Una cosa a cui nessuno pensa mai è quanto la Walt Disney Pictures abbia influenzato il modo di vedere dei più piccoli. Le generazioni di adolescenti. I futuri genitori. Di come, insomma, l’immaginario collettivo si sia evoluto con una rappresentazione della donna sempre ai margini, protagonista in attesa di essere salvata o risvegliata dal bel principe azzurro. Ebbene, oggi possiamo affermare che con La principessa e il ranocchio (potete leggere qui la sushi-recensione) questo stato di cose è decisamente cambiato.
In realtà la tendenza di modernizzazione del trend è cominciato nell'ormai lontano 1992 nel film Aladdin in cui la protagonista femminile era effettivamente una principessa di “fatto” di nome Jasmine, figlia del sultano Agrabah. Dal carattere vispo, intelligente, che non ama vivere rinchiusa nel Palazzo e che fa perdutamente innamorare il giovane e impacciato protagonista Aladdin.
A lei è seguita la bellissima Pocahontas (1995), donna battagliera dalla lunghissima chioma nera. Indiana nativa d’America, la sua storia è tra le più tristi e “forti” narrate in animazione dalla Disney. Nel 1996 poi abbiamo Esmeralda, una gitana esuberante che ruba il cuore a Quasimodo ne Il Gobbo di Notre Dame.
E come dimenticare Mulan (1998)? La ragazza guerriero originaria della Repubblica Popolare Cinese. Sembra proprio che Disney, a un certo punto della sua storia, abbia deciso di abbracciare tutte le popolazioni e tutte le culture.

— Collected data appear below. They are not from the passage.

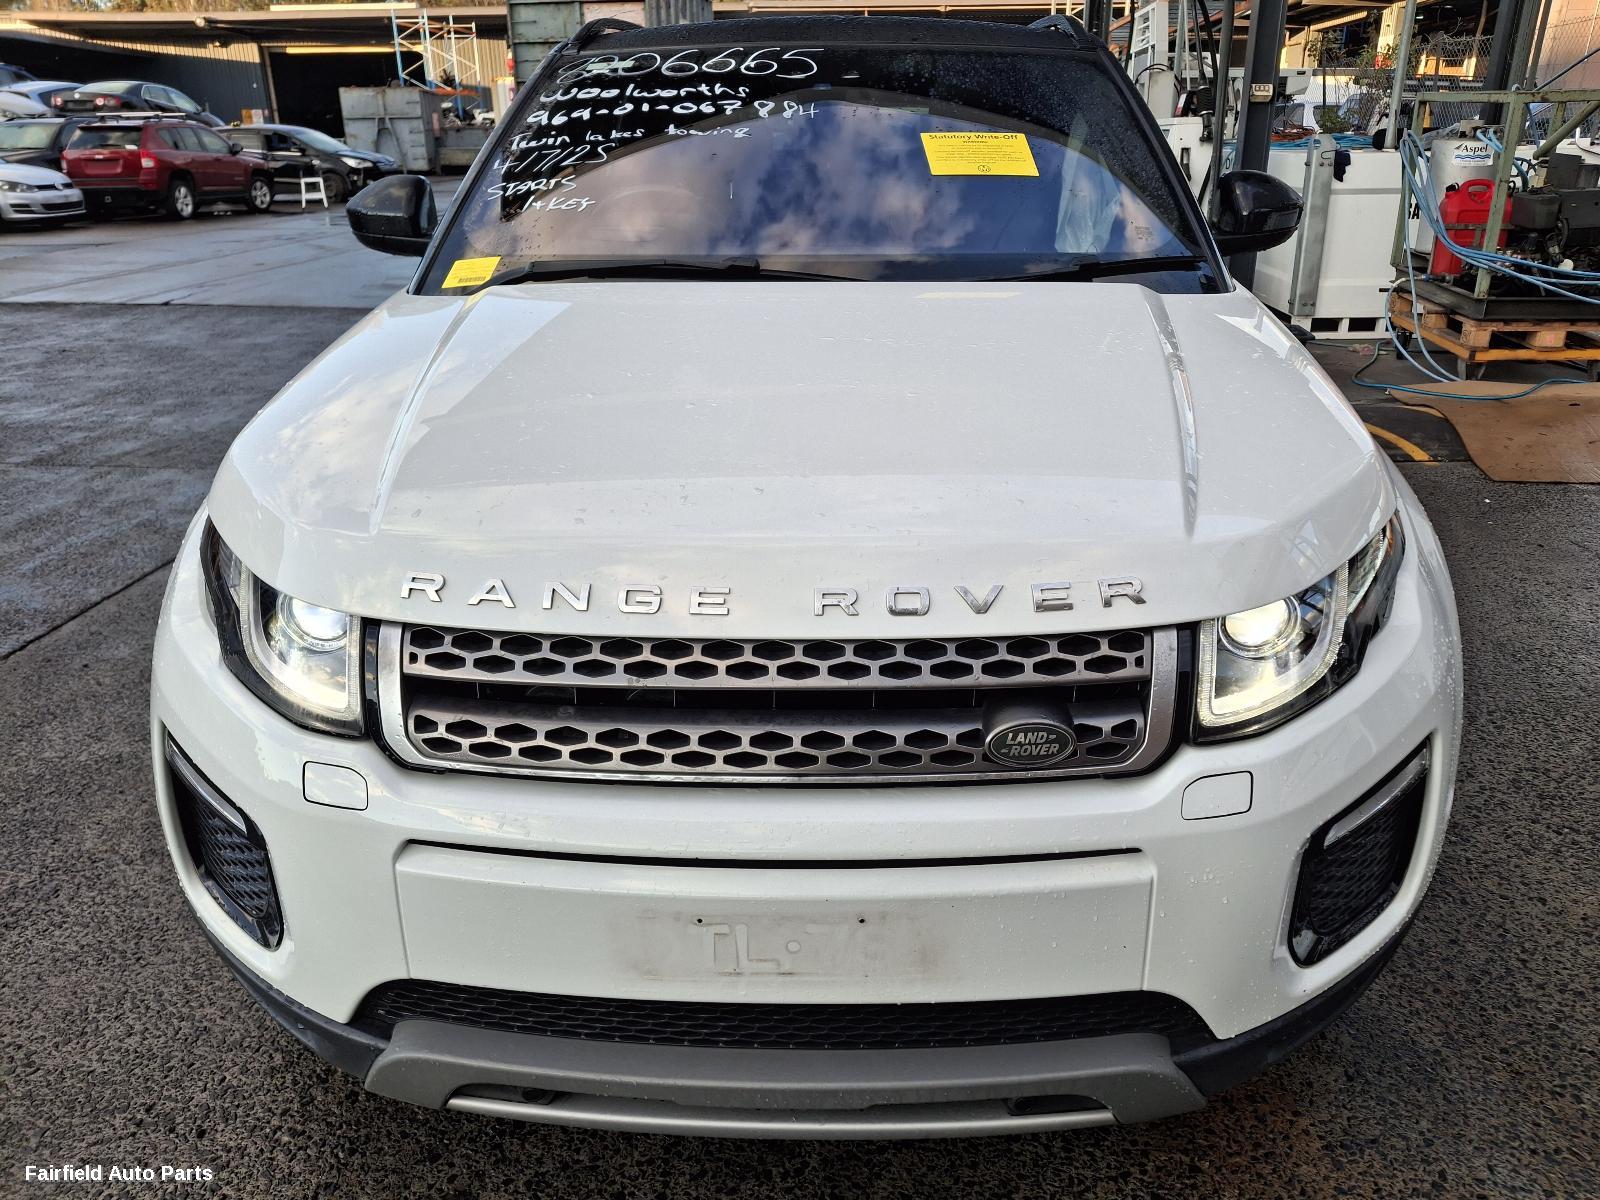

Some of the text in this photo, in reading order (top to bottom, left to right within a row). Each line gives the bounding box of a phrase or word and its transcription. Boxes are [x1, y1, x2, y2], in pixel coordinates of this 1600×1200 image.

[664, 124, 752, 138] towing
[928, 133, 1018, 141] Statutory Write-Off
[1461, 143, 1489, 156] Aspel
[487, 174, 577, 201] STARTS
[400, 570, 1148, 617] RANGE ROVER
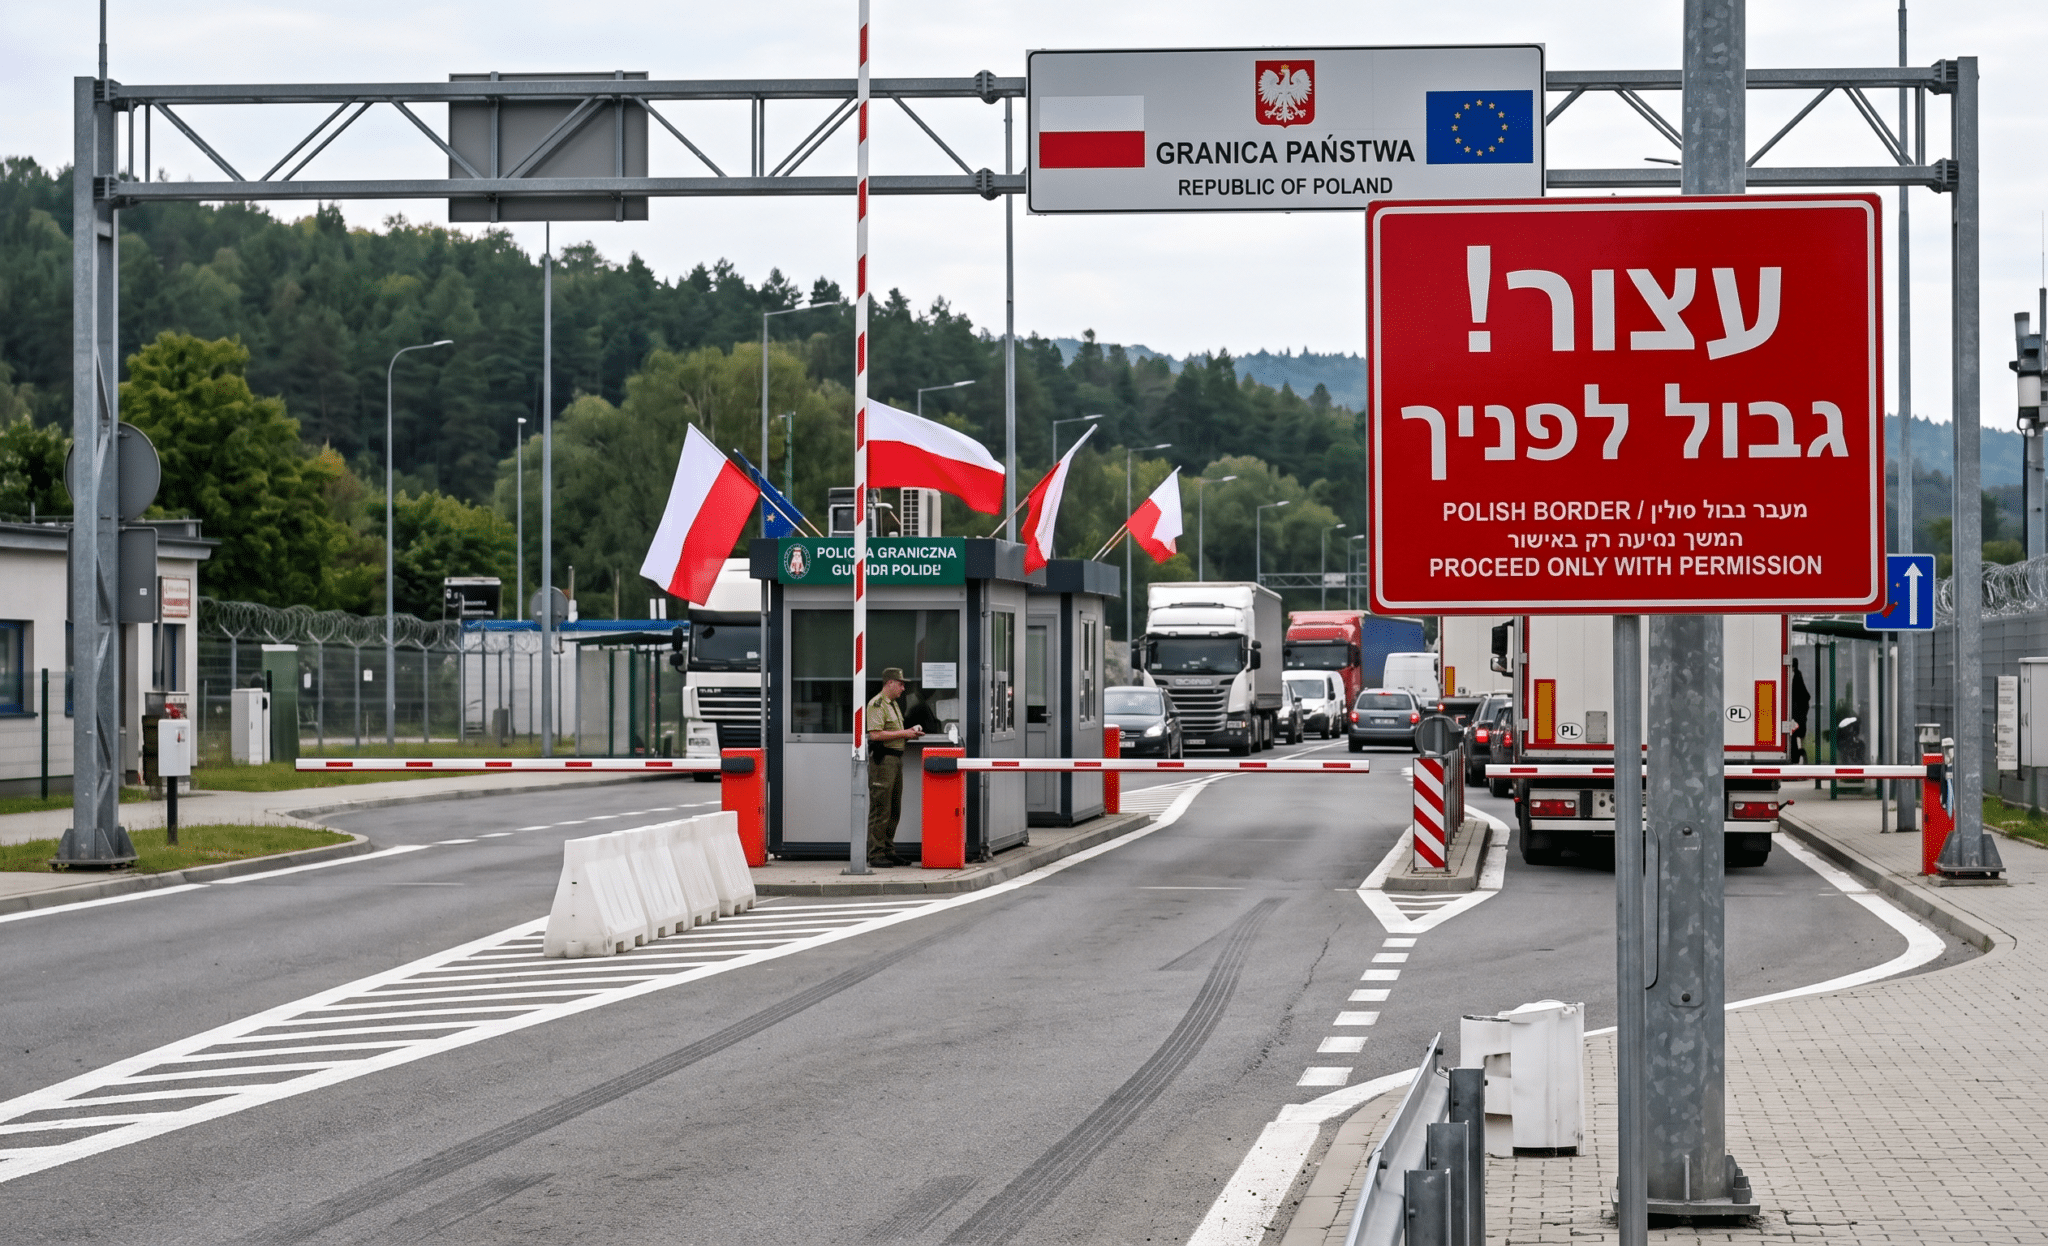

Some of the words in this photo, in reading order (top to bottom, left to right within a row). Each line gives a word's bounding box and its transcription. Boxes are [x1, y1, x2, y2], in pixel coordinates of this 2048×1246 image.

[1156, 140, 1278, 165] GRANICA
[1286, 134, 1416, 164] PAŃSTWA
[1178, 178, 1275, 196] REPUBLIC
[1281, 178, 1307, 195] OF
[1313, 177, 1393, 195] POLAND
[1466, 245, 1782, 361] עצור!
[1664, 383, 1849, 459] גבול
[1400, 383, 1629, 481] לפניך
[1443, 501, 1526, 522] POLISH
[1534, 500, 1631, 521] BORDER
[1752, 503, 1808, 520] מעבר
[1507, 533, 1579, 549] באישור
[1585, 533, 1611, 553] רק
[1683, 532, 1743, 551] המשך
[877, 546, 957, 559] GRANICZNA
[1430, 557, 1540, 578] PROCEED
[1547, 556, 1608, 577] ONLY
[1613, 556, 1672, 576] WITH
[1679, 555, 1822, 576] PERMISSION
[1730, 708, 1746, 719] PL
[1561, 725, 1578, 736] PL

La trama, nel caso di Mulan, si ispirava a una fiaba cinese piuttosto celebre in patria e la Disney, secondo fonti non ufficiali, sperava con questa scelta di riuscire a fare propria quella grossa fetta di mercato (la Cina e l’Oriente, appunto) che rimaneva tagliata fuori dalle loro storie. Il successo, in realtà, fu flebile.

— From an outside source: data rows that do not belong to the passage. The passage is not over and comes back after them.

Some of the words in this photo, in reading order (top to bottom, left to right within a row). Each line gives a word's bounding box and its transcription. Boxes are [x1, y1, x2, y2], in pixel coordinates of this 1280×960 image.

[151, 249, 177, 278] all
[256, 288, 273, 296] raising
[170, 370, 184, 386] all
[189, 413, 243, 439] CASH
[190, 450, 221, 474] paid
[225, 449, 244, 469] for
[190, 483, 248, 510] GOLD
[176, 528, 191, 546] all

A titolo di cronaca ci sentiamo di ricordare che un modo divertente per vedere insieme le principesse Disney in un’unica occasione è giocare al videogame Kingdom Hearts, targato Disney - SquareEnix, in cui una rocambolesca trama racconta di come Pippo, Paperino e il giovane Sora (Topolino in questo caso rimane "sullo sfondo") si impegnino a salvare le principesse dell’Universo. Della serie, adesso lo sapete!
Tornando al Cinema invece, non esattamente una novità quella di rappresentare con La principessa e il ranocchio, quindi, una protagonista di colore. Il trend classico, quello che ha fatto la fortuna delle “vecchie” principesse come Cenerentola e La bella addormentata per intenderci, dovrebbe tornare nel 2010, nell’annunciata pellicola Rapunzel. Lì, una ragazza dai lunghissimi capelli dorati lotterà contro una perfida strega che intende cancellare tutti gli happy ending dalle fiabe. Ranocchio a parte, che possa essere quella, allora, la vera rivoluzione Disney?